What are the epigenetic modifications of pericentric heterochromatin and how are they established? The major histone lysine methylation marks at pericentric heterochromatin are H3K9me3 and H4K20me3. Suv39h1 and Suv39h2 enzymes establish H3K9me3 and, more recently, we could identify Suv4-20h1 and Suv4-20h2 as the major enzymes to induce H4K20me3. Notably, we discovered a sequential pathway that connects these two histone methylation systems (Figure 2, Schotta et al., 2004). H3K9me3 is established first, providing a binding platform for HP1 proteins. HP1 isoforms in turn recruit Suv4-20h enzymes which establish H4K20me3. Consistent with these findings, H4K20me3 is lost in either Suv39h double null (dn) or HP1 mutants.
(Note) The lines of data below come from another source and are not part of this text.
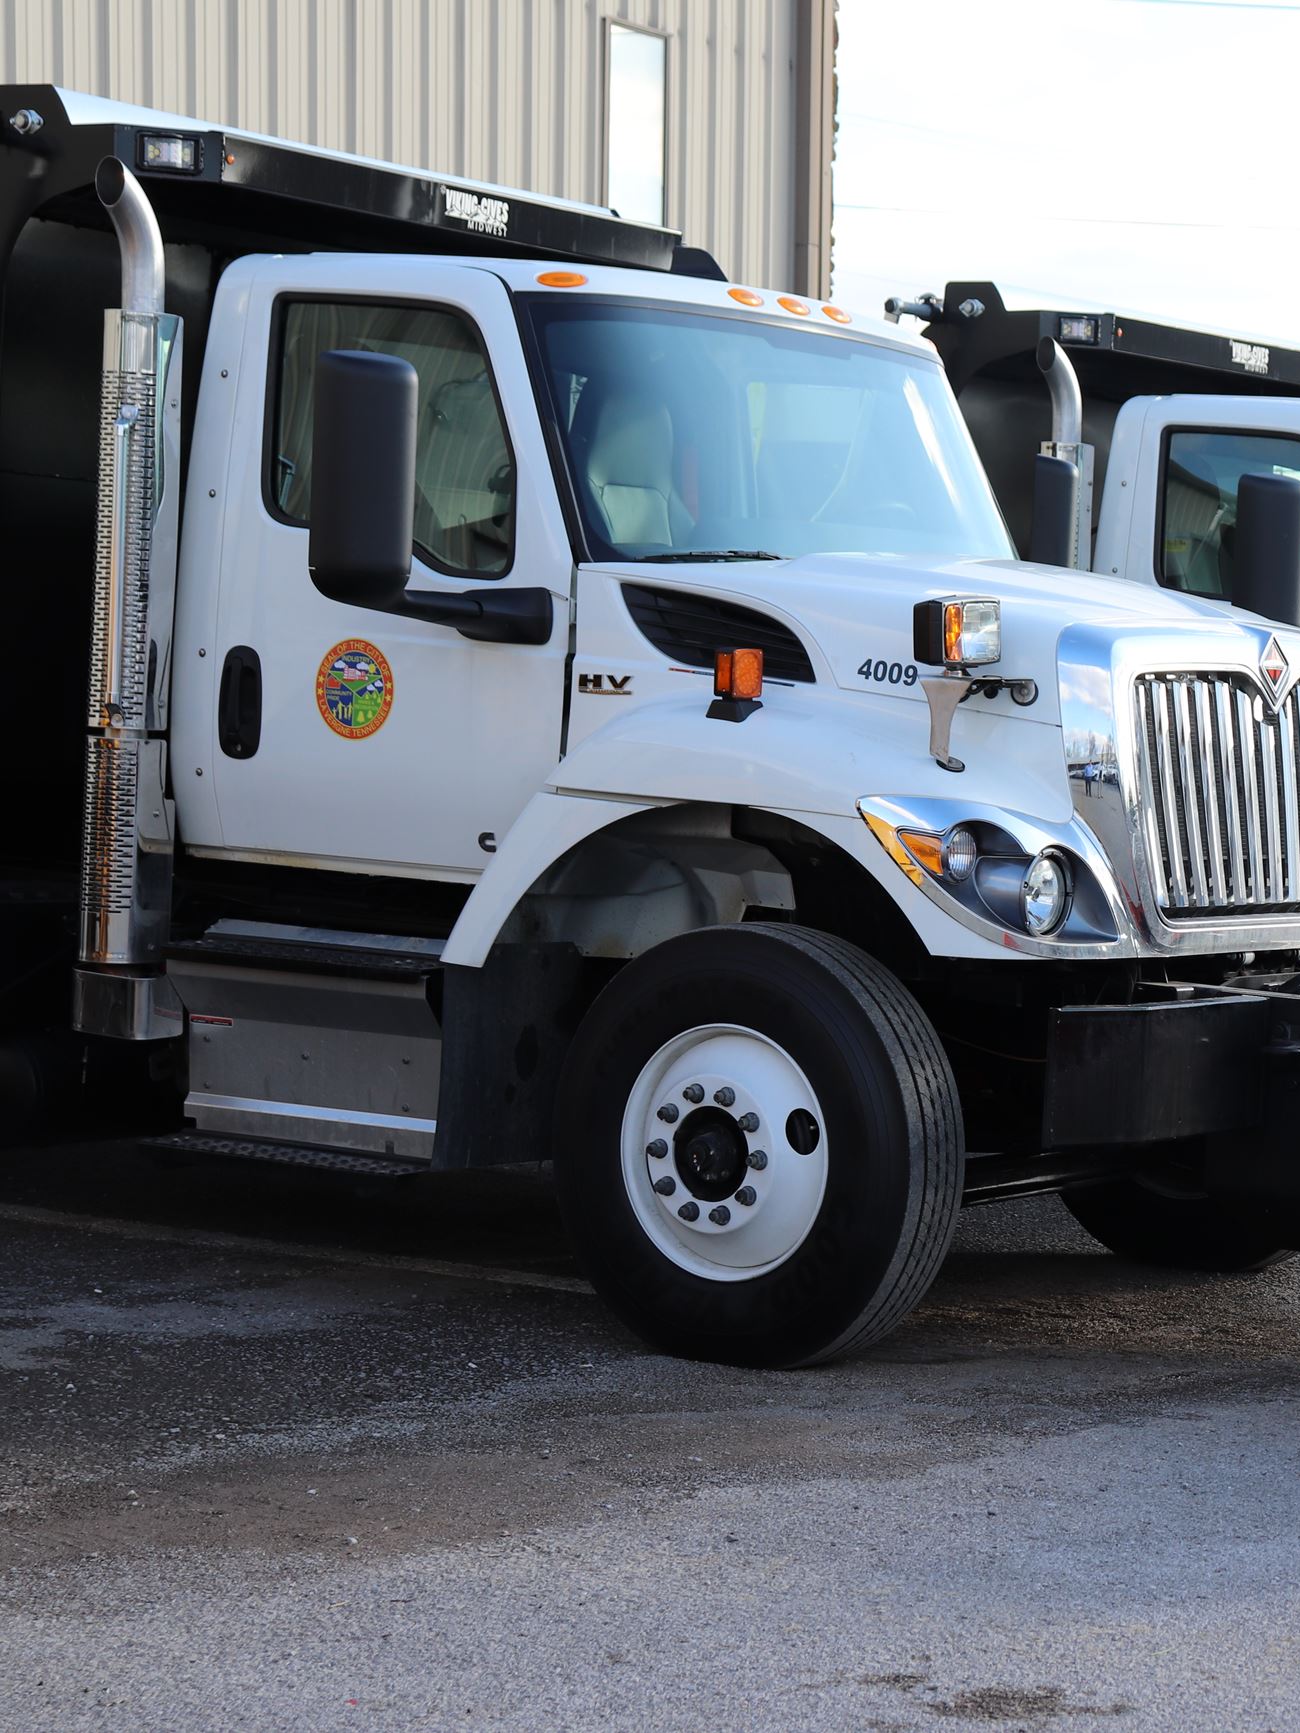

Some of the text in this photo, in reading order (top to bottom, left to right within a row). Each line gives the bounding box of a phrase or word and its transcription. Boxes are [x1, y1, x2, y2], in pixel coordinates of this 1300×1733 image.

[321, 651, 336, 672] SEAL
[336, 643, 346, 653] OF
[350, 641, 366, 651] THE
[366, 645, 384, 662] CITY
[578, 674, 634, 689] HV
[857, 658, 918, 687] 4009
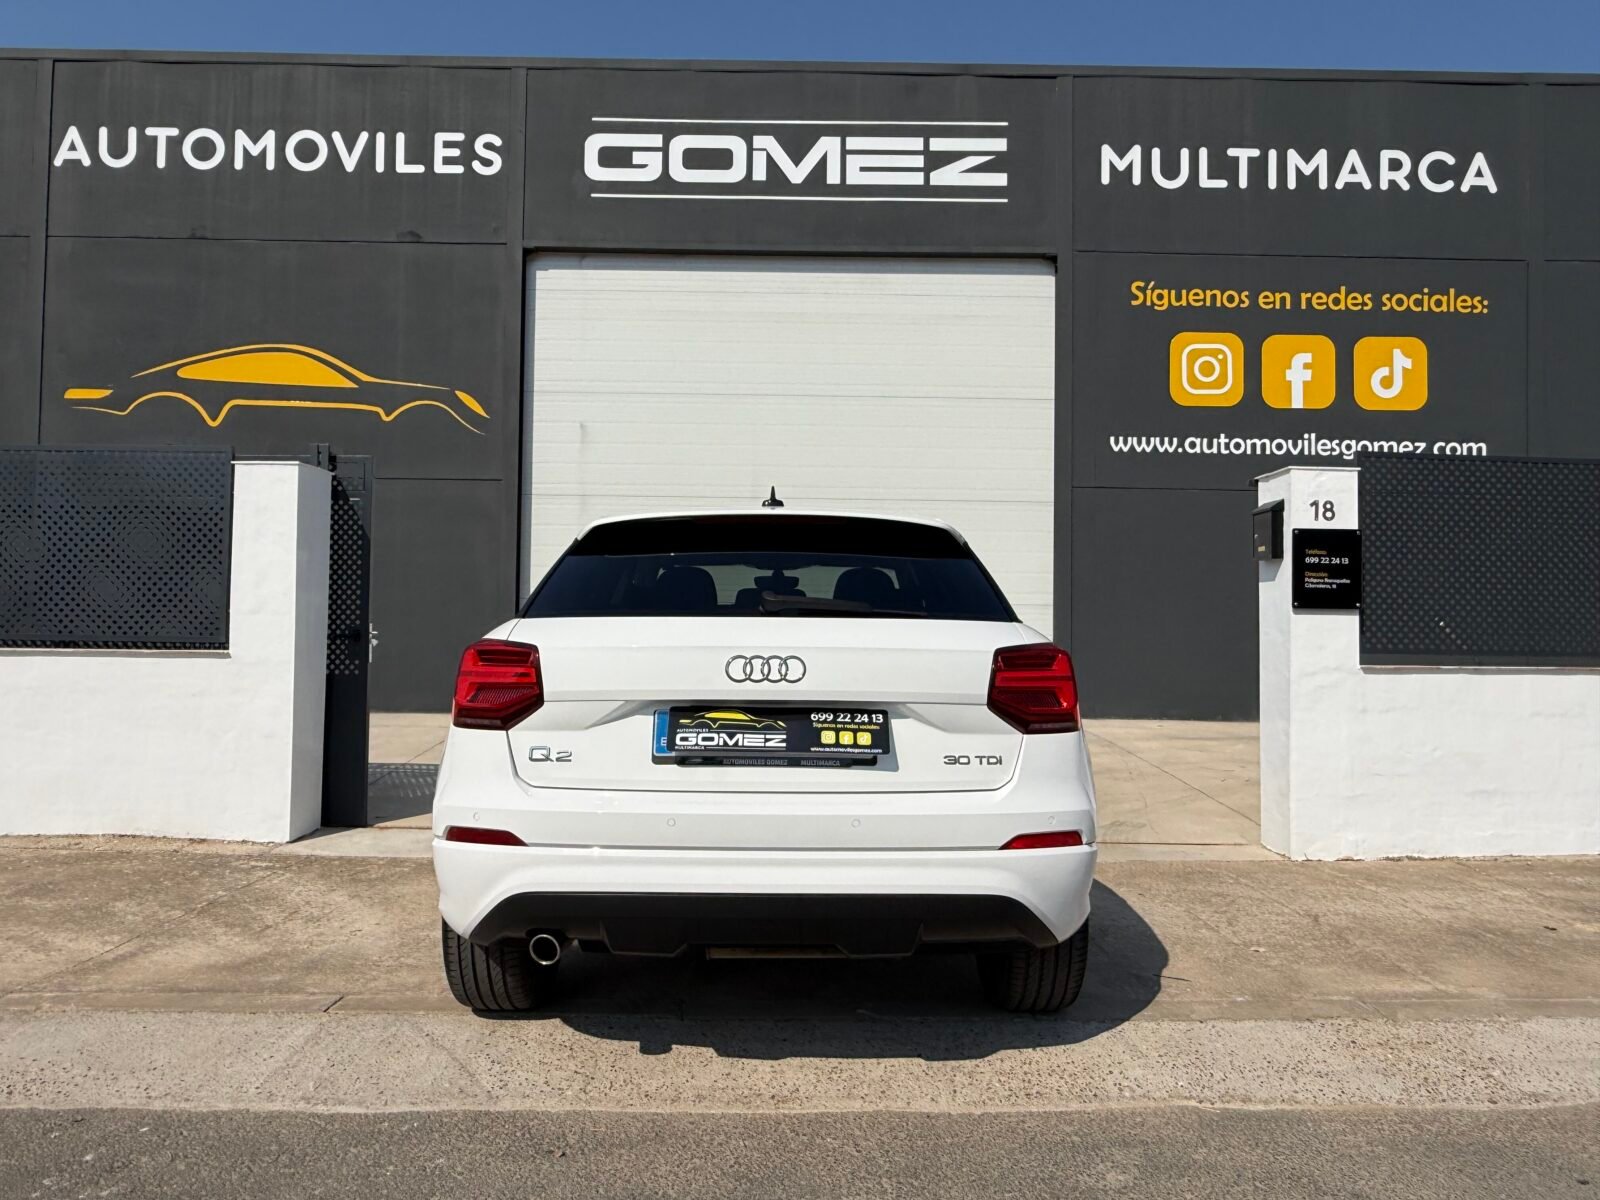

Another major epigenetic modification of pericentric heterochromatin is DNA methylation. There is evidence for a complex interplay of Suv39h enzymes (and H3K9me3) with DNA methyltransferases, however, it is currently not understood at a mechanistic level (Lehnertz et al., 2003). A number of other factors can affect the normal epigenetic profile of pericentric heterochromatin. Cells which are triply deficient for Rb family proteins show selective reduction of pericentric H4K20me3 (Gonzalo et al., 2005). Interestingly, a reduced level of H4K20me3 is a hallmark for tumor cells (Fraga et al., 2005). Thus, thorough mechanistic insight into epigenetic programming of pericentric heterochromatin will enhance our understanding of many important cellular processes ranging from cancer to aging.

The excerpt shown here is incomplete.